What is your favorite poem?

William C. Campbell: One of the poems of William Butler Yeats that is considered one of his minor ones and I think the critics even convinced Yeats that this was not worthy of him, that this was an early poem when he was not really at his best, but it’s ‘The Lake Isle of Innisfree’. It happens that Yeats was born and grew up maybe 15 miles or so from where I grew up in Ireland, I don’t know if that has anything to do with it, but this particularly poem he wrote when he was in London. He certainly wrote it as, not as someone exiled as punishment or some dishonoured but neverless somebody away from his homeland. I can really identify with that, you are not there because you are forced out, you are there because you have chosen and yet you are longing for something so it’s that ambivalence I think is more subtle than people realize. At least I can, to me that is certainly my favorite poem.

What role has teaching played in your life?

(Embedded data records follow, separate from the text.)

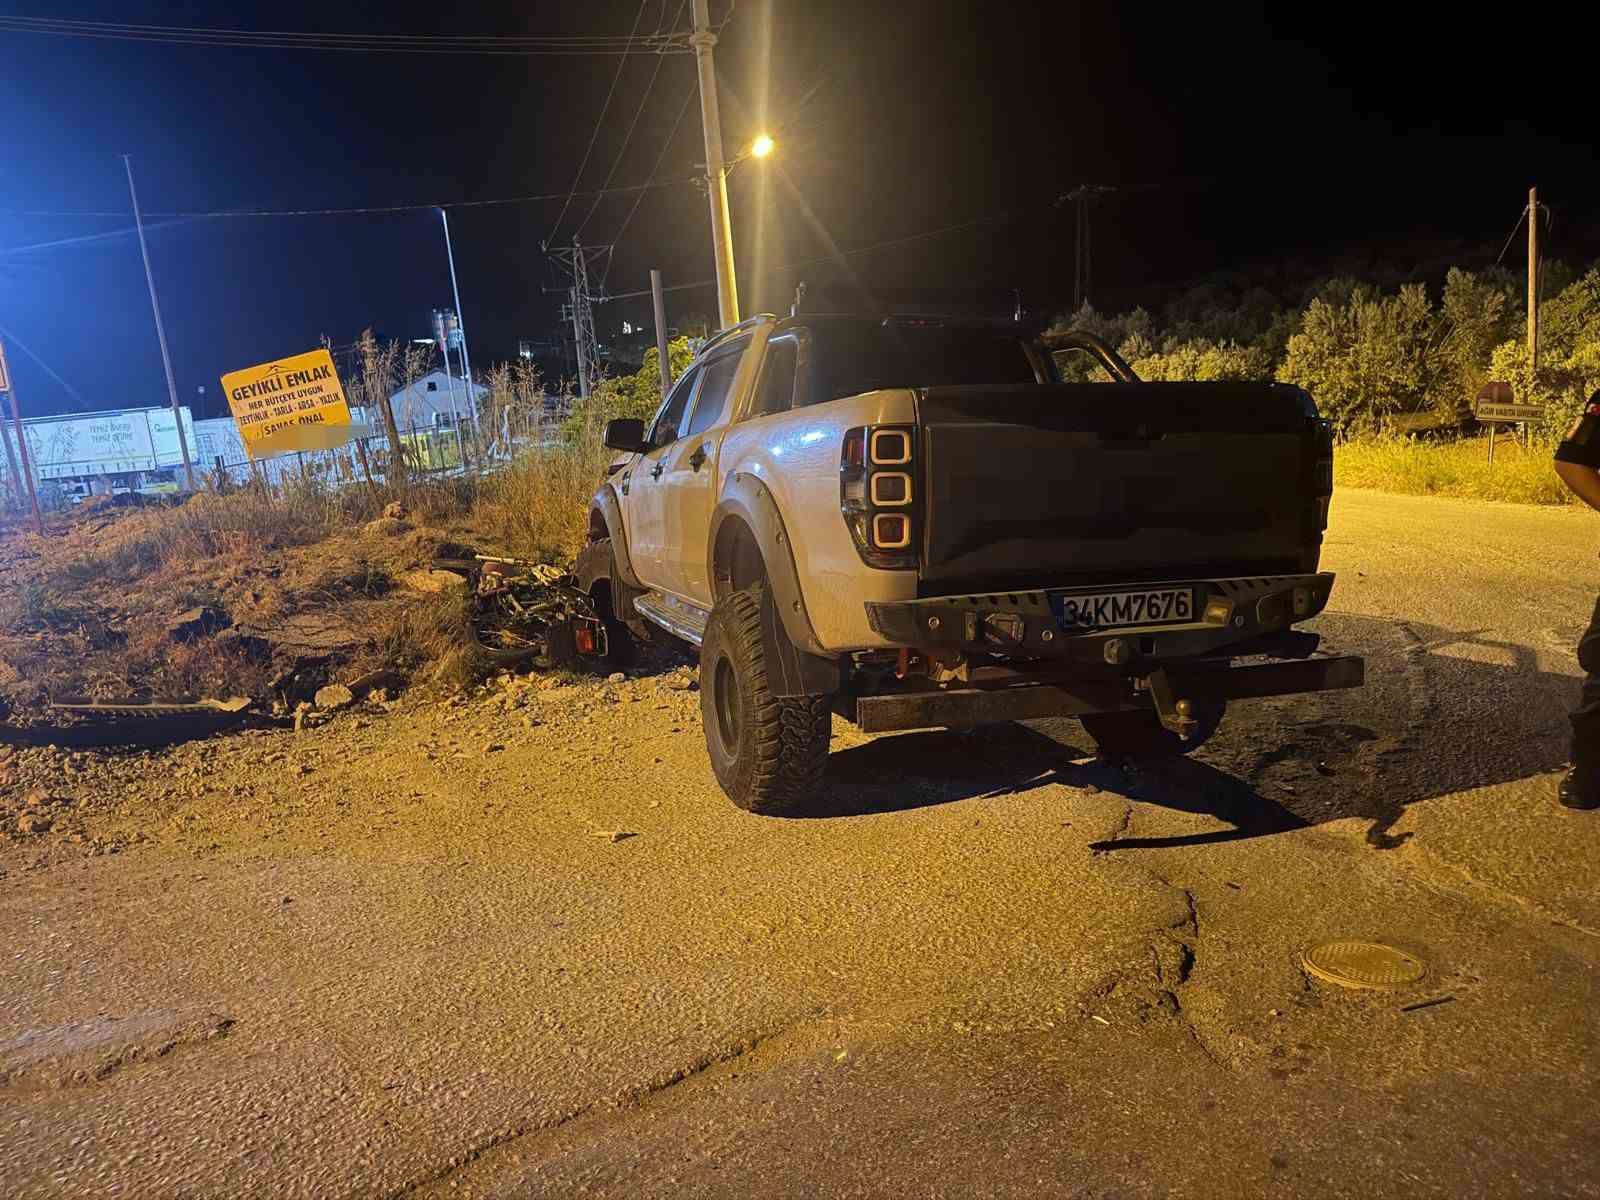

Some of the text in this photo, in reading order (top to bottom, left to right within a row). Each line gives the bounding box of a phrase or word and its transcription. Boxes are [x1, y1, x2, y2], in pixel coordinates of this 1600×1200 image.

[232, 365, 331, 401] GEYİKLİ EMLAK
[248, 400, 264, 411] HER
[297, 385, 324, 399] UYGUN
[273, 405, 293, 417] TARLA
[319, 392, 341, 406] YAZLIK
[1064, 592, 1188, 625] 34KM7676

William C. Campbell: Teaching has been one of my great joys and yet I spent most of my professional life not in a teaching situation. Then maybe it’s because I spent most of it not in teaching situation that I loved it when I did get to a teaching situation. Because when I retired from industry, I retired from an American company in the pharmacy industry and went to the academia, to Drew University in New Jersey, I went there actually not to teach. I went there to mentor undergraduate students, but I chose to teach as also one other person, colleague did in this institute, The Research Institute for Scientists Emeriti at Drew University, which is a wonderful wonderful institute and the emphasis is on mentoring. A couple of us chose to teach and I taught in an undergraduate biology department and I taught undergraduate school medical humanities program and I just loved that.

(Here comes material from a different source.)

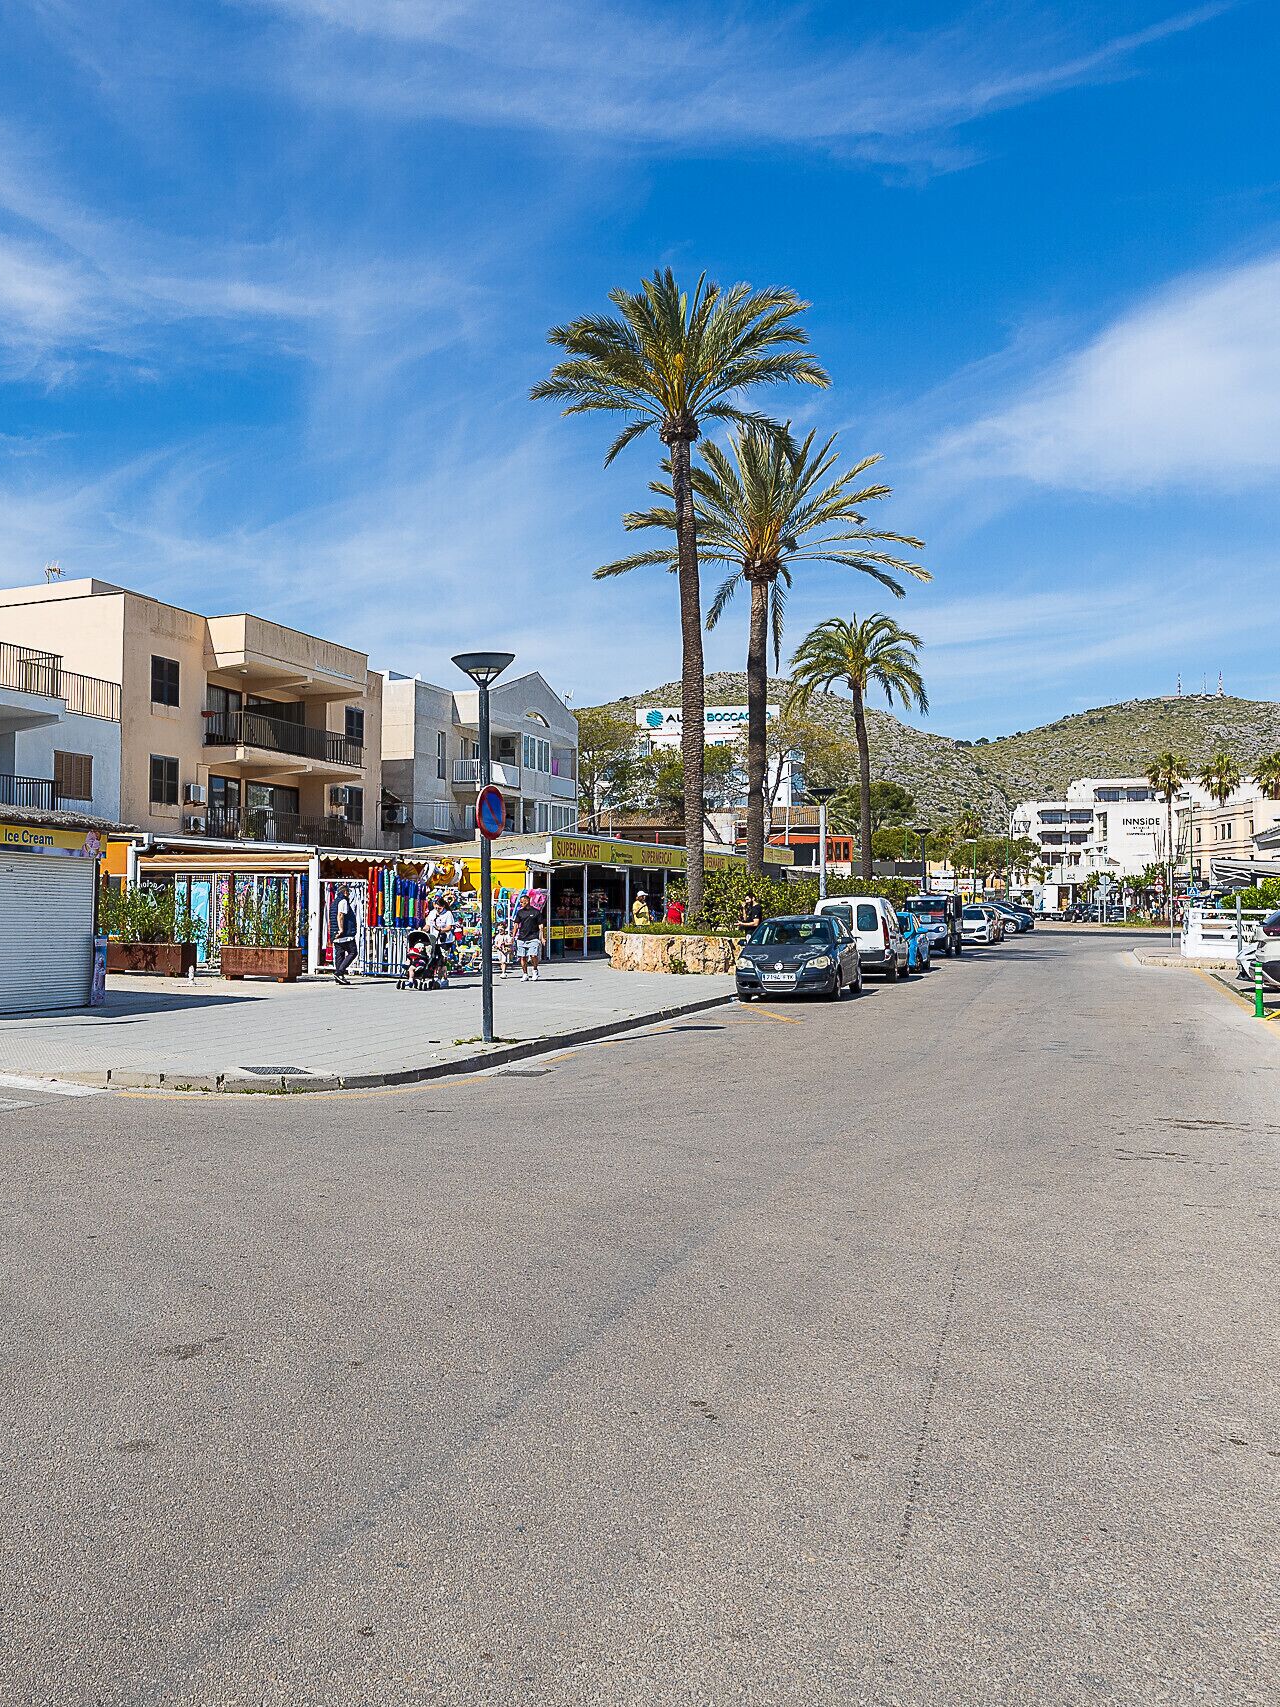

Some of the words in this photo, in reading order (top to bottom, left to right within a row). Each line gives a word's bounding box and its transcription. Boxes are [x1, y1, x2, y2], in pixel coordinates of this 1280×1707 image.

[4, 828, 19, 843] Ice
[21, 829, 54, 846] Cream
[556, 841, 600, 860] SUPERMARKET
[641, 850, 672, 865] SUPERMERCAT

All along I used to teach seminars and I taught medical helminthology, I taught about parasitic worms at New York medical college for 25 years overlapping with those other jobs. So I discovered that I loved teaching and I hope to go on doing that, but now it will be largely at conferences and meetings, but especially if there are conferences were a lot of students tend to come and just this past summer I was at one such conference where it was not … it was in the place where there were not expensive hotels and were the tradition of students coming because it was accessible and I greatly enjoyed that and I hope to continue to do that.

How has your life changed since being awarded the Nobel Prize?

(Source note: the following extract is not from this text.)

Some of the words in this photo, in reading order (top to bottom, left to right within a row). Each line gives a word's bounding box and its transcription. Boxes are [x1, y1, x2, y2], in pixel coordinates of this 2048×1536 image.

William C. Campbell: The way my life has changed mostly since I got that call was in sheer busyness. I have always been busy cause I chose to be busy, but now I don’t get to choose what sort of business I am engaged in. Now I am overwhelmed with messages, the good part of it is that many messages are from old friends, the bad part is that there are so many messages of all kinds and that I am now retired, I don’t have a secretary, I have my wonderful wife who helps, but still we are very much in retirement mode and so this is a major change in our lives to be called upon to answer so many questions and to respond to so many invitations to conferences all over the world. Some of them several years in advance, and at my age I think it is a bit presumptuous to make plans many years in advance. So I am trying to be careful about that and I am trying to also continue to do the things that I have been doing. I still like to go out in season and kayak an early morning and I still play ping-pong three times a week and I am determined not to give up certain things like that, but it certainly has been a challenge just to keep up with the calls on my time.